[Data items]
▬▬▬

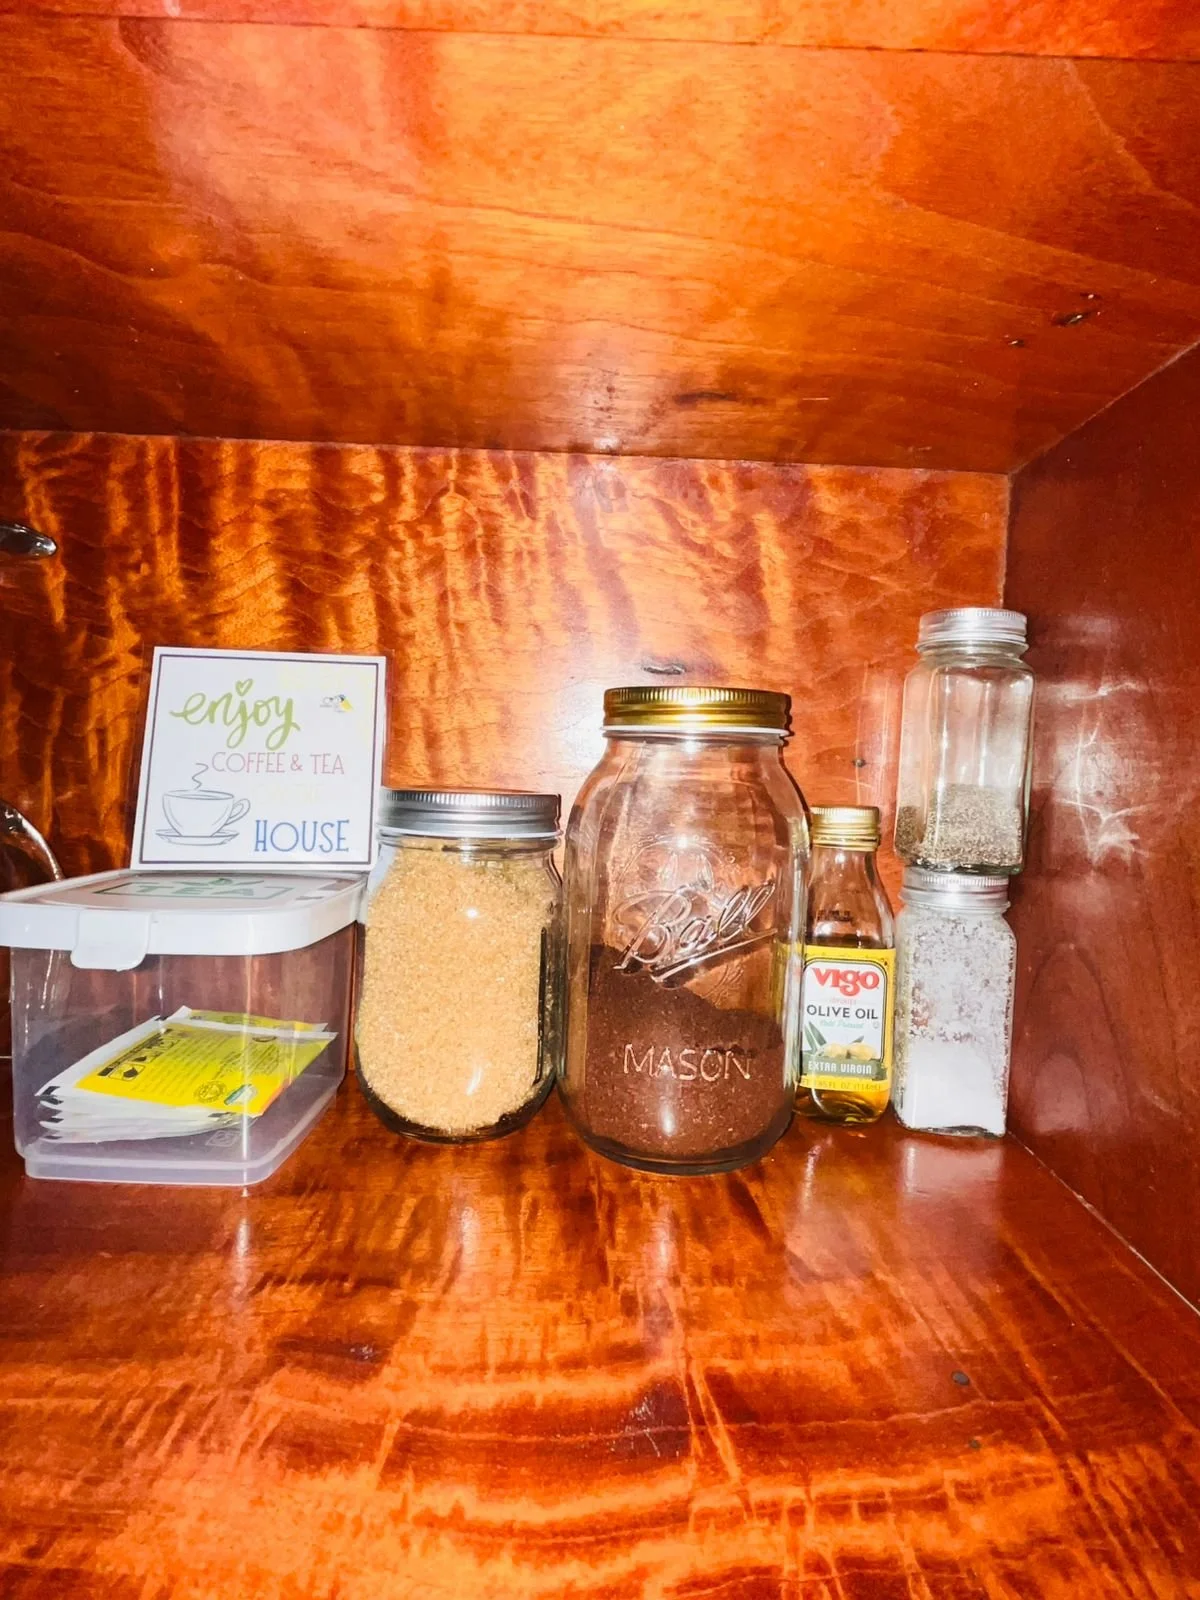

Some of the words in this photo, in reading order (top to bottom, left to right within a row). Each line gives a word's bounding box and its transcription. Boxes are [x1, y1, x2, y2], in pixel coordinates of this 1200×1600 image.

[169, 678, 301, 751] enjoy
[211, 752, 286, 774] COFFEE
[290, 756, 303, 772] &
[310, 753, 345, 775] TEA
[254, 819, 350, 853] HOUSE
[136, 885, 255, 897] TEA
[612, 878, 777, 976] Ball
[806, 1004, 850, 1018] OLIVE
[855, 1008, 879, 1020] OIL
[623, 1043, 751, 1082] MASON
[808, 1061, 837, 1073] EXTRA
[840, 1063, 873, 1075] VIRGIN
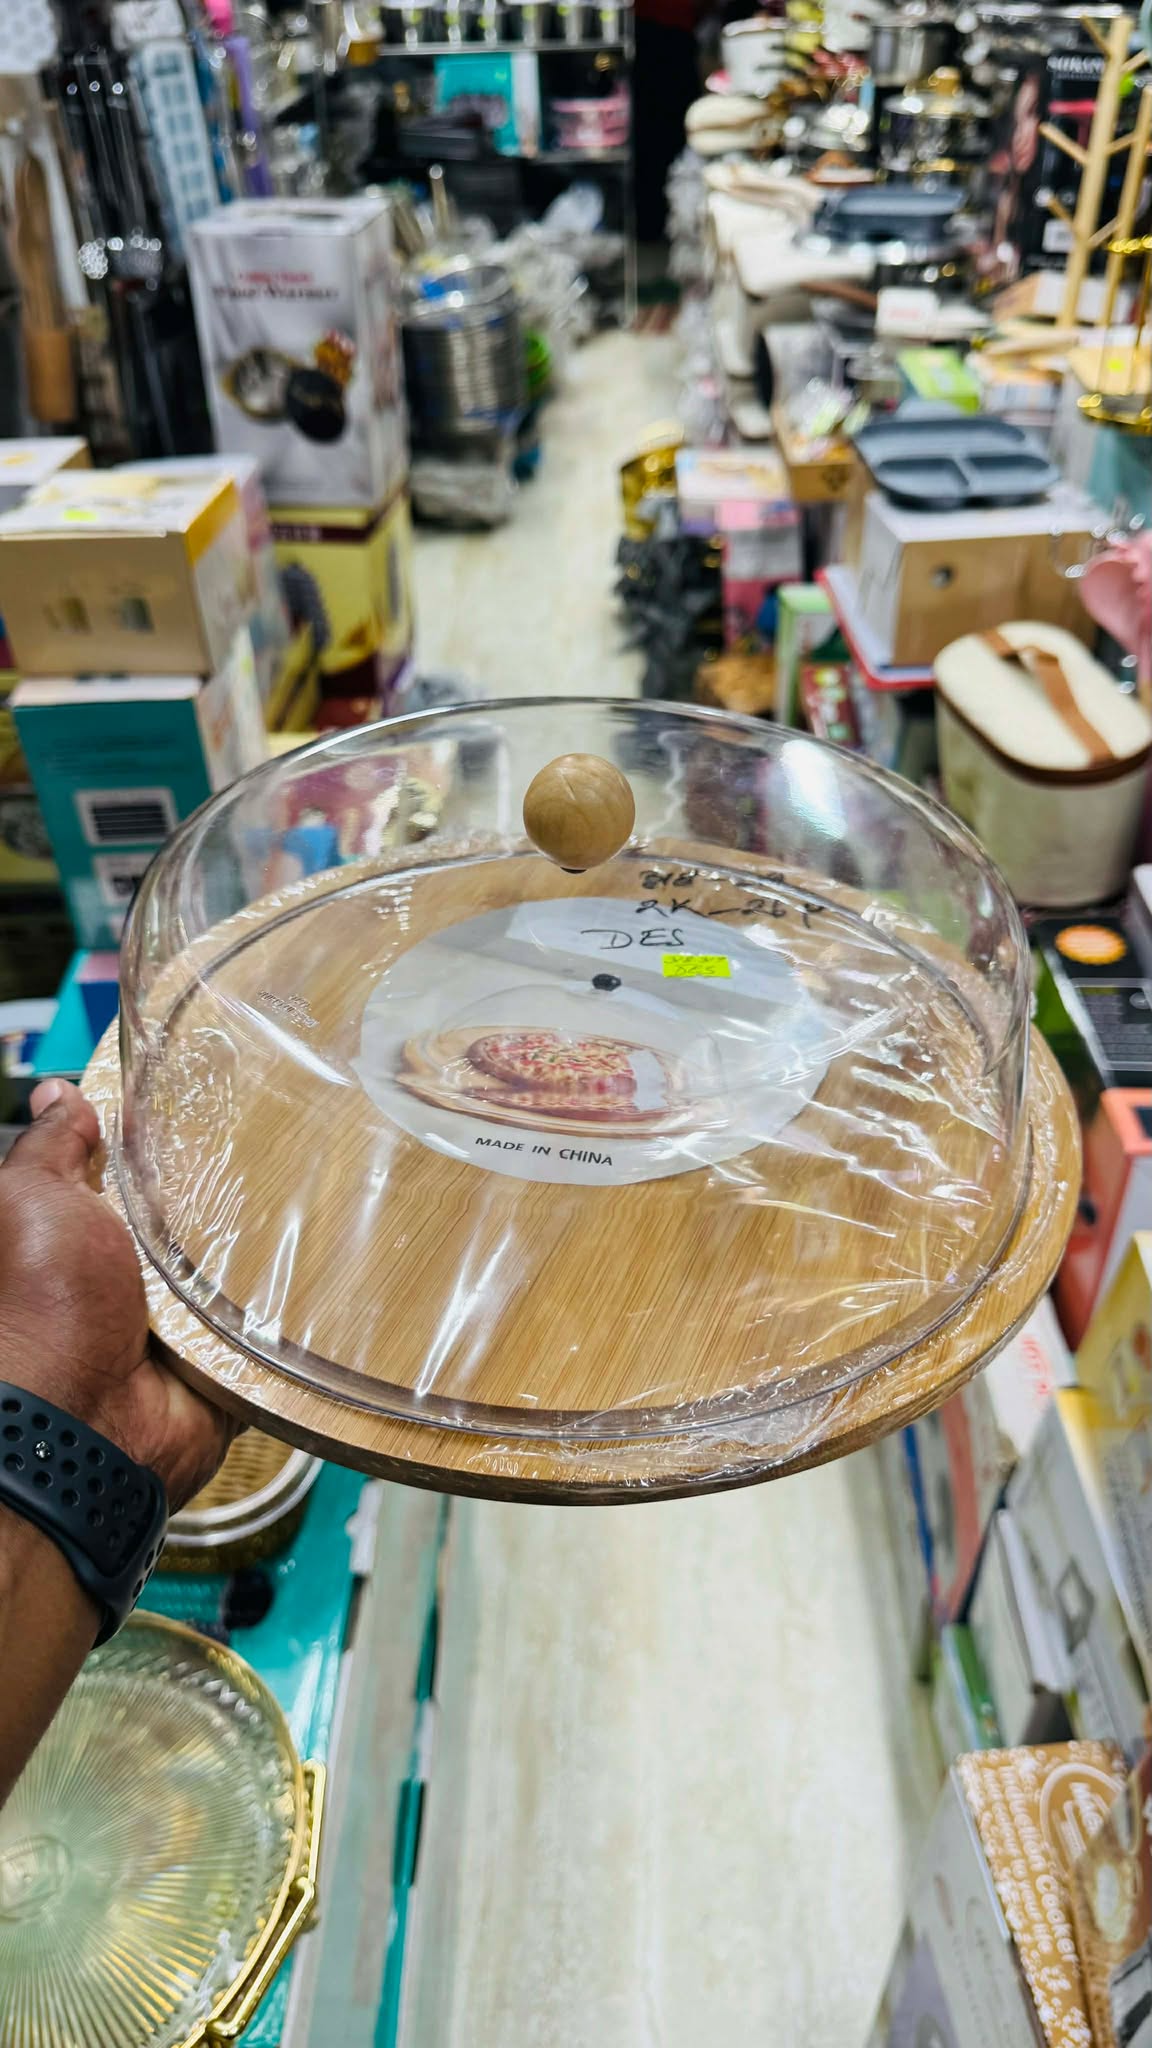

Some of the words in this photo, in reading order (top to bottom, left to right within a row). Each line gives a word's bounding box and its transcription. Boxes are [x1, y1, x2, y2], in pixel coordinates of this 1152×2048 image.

[580, 928, 685, 950] DES
[475, 1137, 525, 1151] MADE
[531, 1145, 552, 1156] IN
[559, 1148, 613, 1166] CHINA
[998, 1765, 1046, 1872] Induction
[1035, 1873, 1080, 1962] Cooker
[1032, 1924, 1053, 1953] life

▬▬▬

Problem requirements
Return every line of the records exactly as given, pictures excluded.

Task response
Some of the words in this photo, in reading order (top to bottom, left to right within a row). Each line gives a word's bounding box and its transcription. Boxes are [x1, y1, x2, y2], in pixel coordinates of this 1200×1600 image.

[169, 678, 301, 751] enjoy
[211, 752, 286, 774] COFFEE
[290, 756, 303, 772] &
[310, 753, 345, 775] TEA
[254, 819, 350, 853] HOUSE
[136, 885, 255, 897] TEA
[612, 878, 777, 976] Ball
[806, 1004, 850, 1018] OLIVE
[855, 1008, 879, 1020] OIL
[623, 1043, 751, 1082] MASON
[808, 1061, 837, 1073] EXTRA
[840, 1063, 873, 1075] VIRGIN

Some of the words in this photo, in reading order (top to bottom, left to right within a row). Each line gives a word's bounding box and its transcription. Boxes are [x1, y1, x2, y2], in pixel coordinates of this 1152×2048 image.

[580, 928, 685, 950] DES
[475, 1137, 525, 1151] MADE
[531, 1145, 552, 1156] IN
[559, 1148, 613, 1166] CHINA
[998, 1765, 1046, 1872] Induction
[1035, 1873, 1080, 1962] Cooker
[1032, 1924, 1053, 1953] life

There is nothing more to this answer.